New exoplanet catalog unveils 126 exotic worlds

Exoplanet catalog: Yellow sun in top left corner, with numerous smaller, variously colored planets, 1 with rings, in 5 rows.
The new NASA exoplanet catalog contains 126 newly discovered worlds of a wide variety. It will help astronomers learn more about how exoplanets form and evolve. The catalog will also help them compare exoplanets to planets in our own solar system. Image via W. M. Keck Observatory/ Adam Makarenko/ UC Riverside.
  • A new catalog contains 126 newly discovered exoplanets. The NASA publication contains 120 confirmed exoplanets and six candidates awaiting confirmation.
  • The planets range from extreme with searing temperatures and short orbits, to ones that may be potentially habitable.
  • The discoveries will help astronomers better understand planetary formation and compare the new planets to ones in our own solar system.

New catalog showcases 126 exoplanets

Only a few decades ago, astronomers didn’t know if there were any planets beyond our solar system. Now, thousands of these worlds – called exoplanets – have been discovered. An international team of researchers has published a new NASA exoplanet catalog featuring 126 newly discovered exotic exoplanets. The researchers said on May 23, 2024, that the catalog includes a wide variety of planets. Some are extreme and uninhabitable while others may potentially be able to support life. The detailed measurements will allow astronomers to compare them with the planets in our own solar system.

The astronomers used both NASA’s Transiting Exoplanet Survey Satellite (TESS) and the W.M. Keck Observatory in Hawaii. They published their peer-reviewed results in The Astrophysical Journal on May 23, 2024.

126 newly discovered worlds in exoplanet catalog

The catalog contains 120 newly confirmed planets and six candidates. The catalog is unique in that it contains measurements for both the mass and radius of the included exoplanets. Stephen Kane at University of California, Riverside, is an astrophysicist and principal investigator of the TESS-Keck Survey. He stated:

Relatively few of the previously known exoplanets have a measurement of both the mass and the radius. The combination of these measurements tell us what the planets could be made of and how they formed. With this information, we can begin to answer questions about where our solar system fits in to the grand tapestry of other planetary systems.
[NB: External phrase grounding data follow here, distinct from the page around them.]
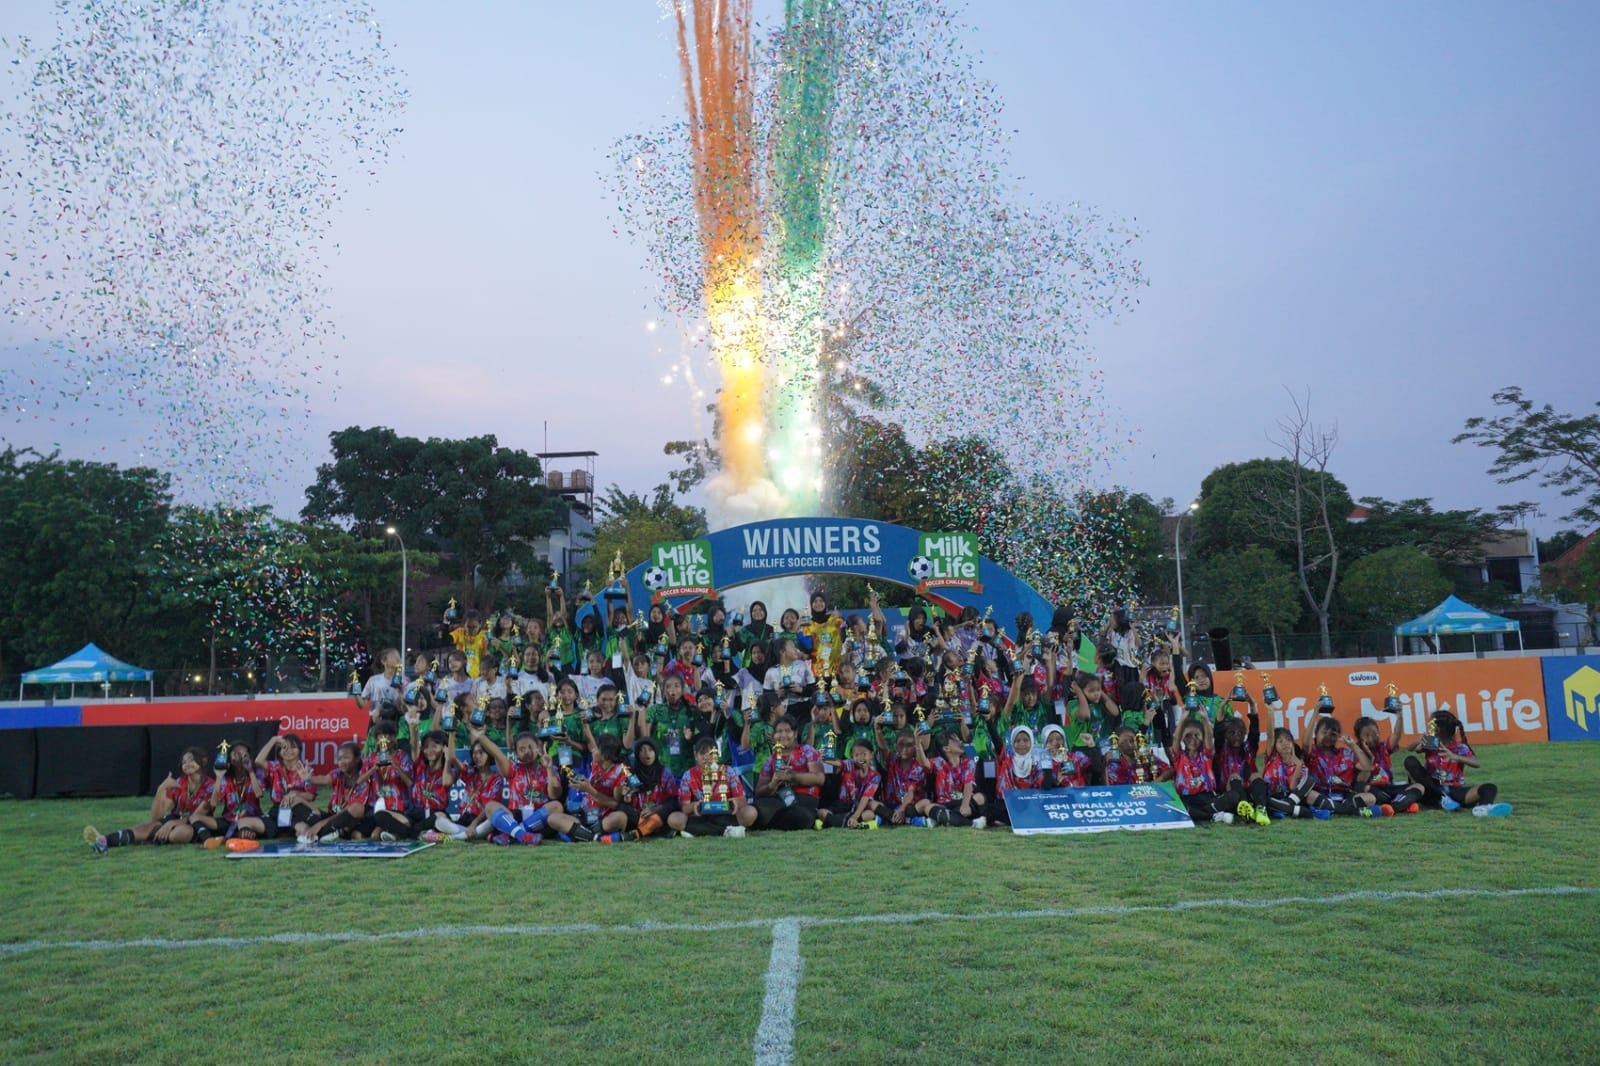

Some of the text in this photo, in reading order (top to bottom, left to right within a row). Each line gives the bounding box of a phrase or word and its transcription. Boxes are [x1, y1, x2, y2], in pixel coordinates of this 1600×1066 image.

[742, 525, 881, 555] WINNERS
[925, 535, 973, 557] Milk
[658, 543, 707, 567] Milk
[742, 555, 882, 568] MILKLIFE SOCCER CHALLENGE
[667, 564, 710, 587] Life
[933, 556, 976, 578] Life
[660, 587, 709, 597] SOCCER CHALLENGE
[279, 715, 349, 733] Olahraga
[1043, 803, 1070, 811] SEMI
[1048, 807, 1148, 820] Rp 600.000
Poster: 2 bright yellow suns and rows of planets in various colors, with text labels.
View larger. | Full graphic depicting the new exoplanets in the new catalog. The available data includes planetary radius, mass, density and temperature. Planets with incomplete data have a question mark. Image via W. M. Keck Observatory/ Adam Makarenko/ UC Riverside.

Strange worlds

As with other exoplanet discoveries over the past few decades, the types of planets in the new exoplanet catalog vary widely. Some are extreme and unlikely to support any life, while others are potentially habitable. The findings further confirm that planets can form and evolve in many diverse ways. Some are similar to planets in our own solar system, while others are unlike any in our sun’s family of planets.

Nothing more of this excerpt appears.